The Effects of Alcohol On The Liver
Our liver is a detoxification organ and since alcohol is a toxin, when we binge we tend to put the liver under stress. This can result in a general queasy feeling after drinking and can also contribute to some of the gastro-intestinal effects since the liver has major roles in digestion. Over time, excessive drinking can also damage the liver through oxidative stress, inflammation and upsetting the bacterial flora in our digestive systems.
Nutritional Effects Of Alcohol
Our nutritional status also suffers after we drink alcohol and especially over time when bingeing is regular. There is a pronounced loss of B complex vitamins (especially the vitamins thiamine and vitamin B6). Vitamin C, magnesium and potassium also decline.
Steps In Preventing Hangovers
There are certain steps you can take before, during and after drinking to help minimize alcohols negative effects and prevent hangovers.
On The Big Night Out
- Always eat a substantial meal before you drink to help line the stomach.
- Keep hydrated. As a general rule, drink one glass of water for every alcoholic drink you take. Try alternating your alcoholic drinks with water.
- Be careful not to mix your drinks. It’s better to try sticking to one type of alcoholic drink for the night.
- Substances called congeners found in red wine and coloured spirits can exacerbate a hangover. White wine and clear spirits like vodka tend to have a lesser effect.
- It is not advised to drink if you have a sensitive stomach or if you have been taking been taking any anti-biotic, anti-anxiety, barbiturate and sedative medications, or if you use recreational drugs.
When You Get Home
- Have some fruit juice or a glucose based drink before bed to push the blood sugar up. Ideally choose something with a good electrolyte concentration too as it speeds up hydration. A glucose plus electrolyte sports drinks, rehydration solution or coconut water are good choices. .
- It is best not to take paracetamol or ibuprofen based painkillers for hangover prevention. These drugs are metabolised with alcohol in the liver and just place extra stress on the liver. Also, avoid take Aspirin too with alcohol, as it can damage the stomach lining.
The Morning After
If you hadn’t taken the precautionary steps, and you wake up with a hangover, try the following to help ease the pain:
- Eat something light. Although many people go for fatty foods when hangover, its actually better to avoid too much fat, especially if you have had an upset stomach. Eggs are a good choice as they are rich in cysteine, which helps the liver metabolise alcohol. Tomato and tomato juice are also great as they contain many of the many of the minerals and vitamins that alcohol depletes. Stick to lean proteins like chicken breast, white fish or lean meat and bland carbohydrates like plain pasta, crackers or toast.

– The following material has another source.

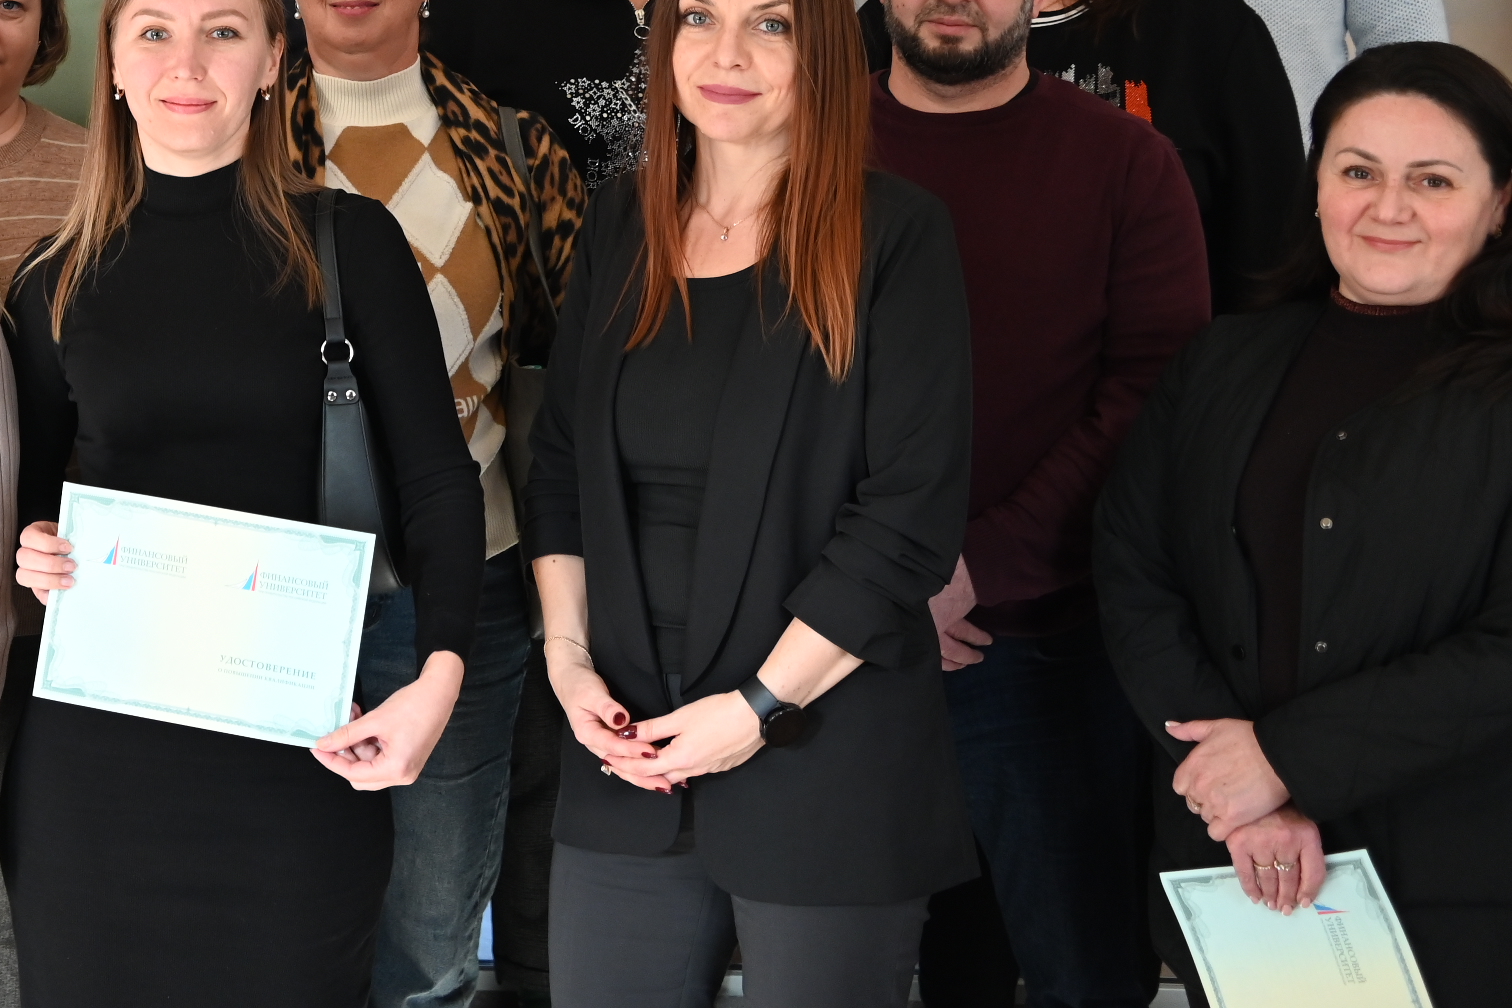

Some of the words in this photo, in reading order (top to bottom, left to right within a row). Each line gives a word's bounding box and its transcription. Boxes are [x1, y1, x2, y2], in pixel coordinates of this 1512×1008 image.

- Hydrate by drinking water, glucose and electrolytes.
- Take a sauna or steam bath or do some vigorous exercise. This helps induce sweating and can speed up toxin elimination from the body. Just make sure you are adequately hydrated before you do this.
- Grate some fresh ginger in hot water or drink some ginger tea to help with nausea. Lemon water also helps neutralize an acidic stomach post drinking.
- Supplements can also sometimes help. B complex vitamins, magnesium, potassium, vitamin C and probiotics being the best choices.
- Natural remedies like milk thistle and artichoke extract help support liver function.
Some of the more popular ones include:
- Ginger tea, which can be used to reduce nausea
- Peppermint teas, which help initiate sweating and detoxification
- The herb Milk Thistle, which helps the liver to detoxify alcohol. Milk Thistle can be taken as a liver tonic throughout the holiday season to help the liver cope with excess intakes of both food and alcohol.